Александра Верёвкина - Осколки вечности
Под следующей рамочкой скрывалась карточка с изображением плотной группки людей. Наше первое Рождество в новом доме. Хохочущие Кирстен и Николас Уоррены, опьяненные друг другом Астрид и Джей Майнеры, еще не успевшие поругаться Рейчел и Майкл Кеплеры, вдохновенно машущие фотографу Бен и Глория Квин, малочисленные коллеги по работе и друзья друзей, чьи имена давно выветрились из головы. Я так люблю, когда все мы собираемся вместе! Большой стол, нехватка стульев, море смеха и обилие веселья. Жаль, Лео никогда не было с нами…Я бы хотел увидеть его лопающиеся в ухмылке щеки среди этих лиц.

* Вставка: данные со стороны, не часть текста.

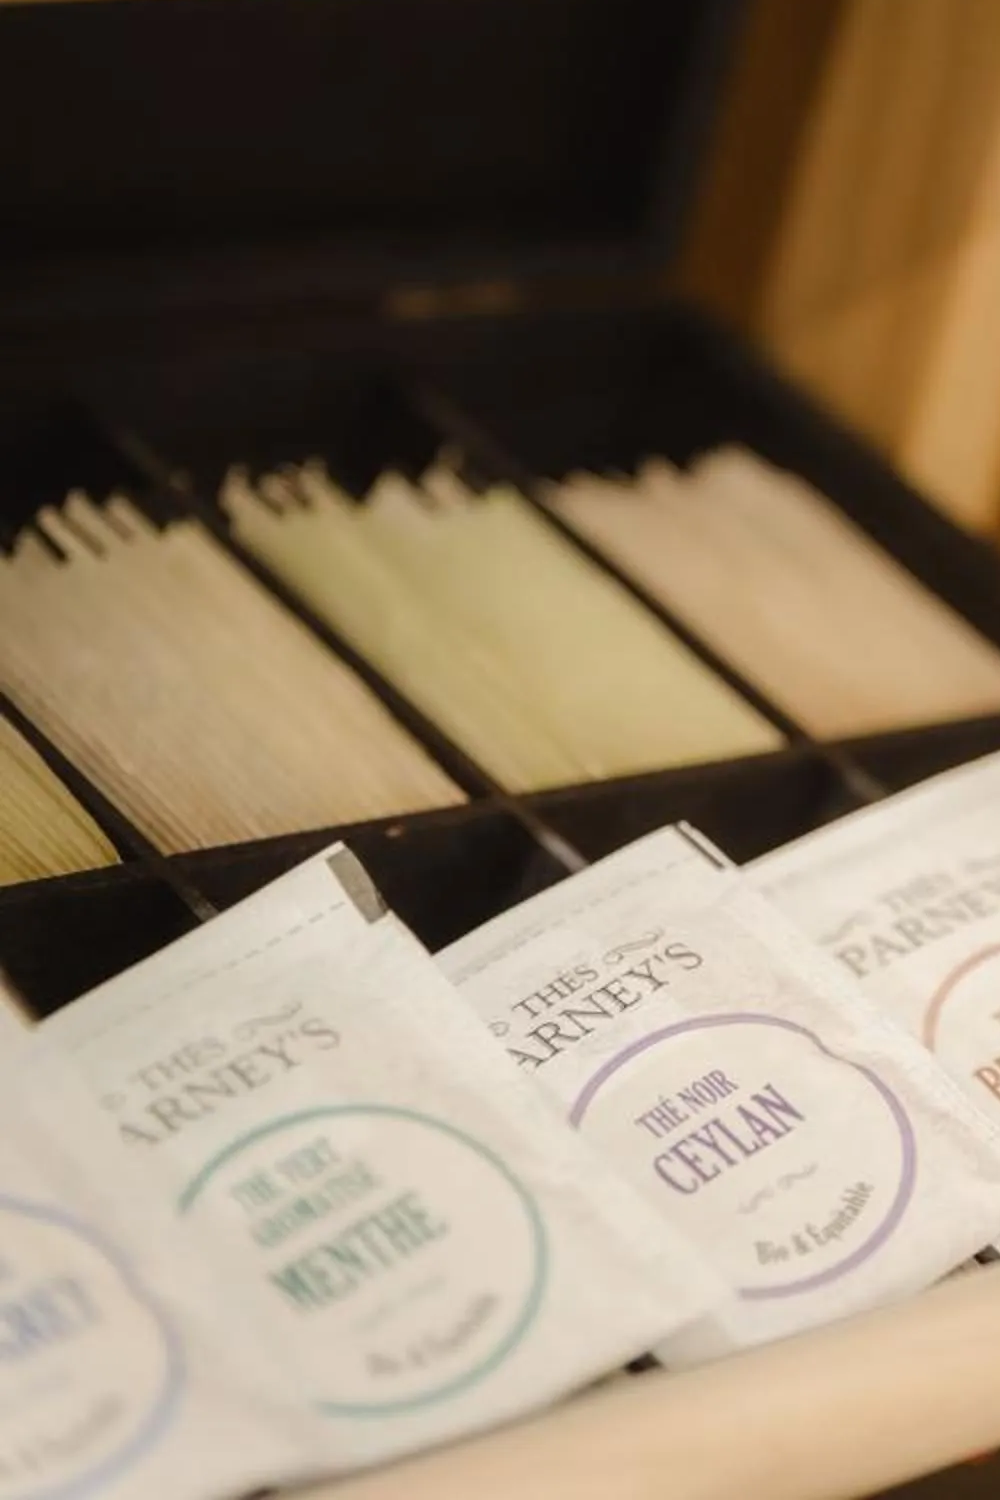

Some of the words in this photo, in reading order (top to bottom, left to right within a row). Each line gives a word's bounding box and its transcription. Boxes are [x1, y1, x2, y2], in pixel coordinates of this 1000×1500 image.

[505, 942, 703, 1069] ARNEY'S
[118, 1017, 341, 1145] ARNEY'S
[653, 1082, 806, 1195] CEYLAN
[677, 1069, 740, 1113] NOIR

Далее. Самая лучшая фотография. Вновь мы с моей красавицей, счастливее, чем когда-либо прежде. На заднем фоне искрятся золотом песчаные островки, утопающие в прибрежных океанских волнах. На мне широкие шорты и свободная майка, дрожащая под порывами ветра. Она в забавном джинсовом комбинезоне на лямках и легкой футболке. Головы обоих венчают солнцезащитные очки. Мы хохочем, как ненормальные, щурим глаза и крепко обнимаем руками огромный живот моего Кругляшка. Восьмой месяц беременности. Невероятная гамма эмоций и по сей день.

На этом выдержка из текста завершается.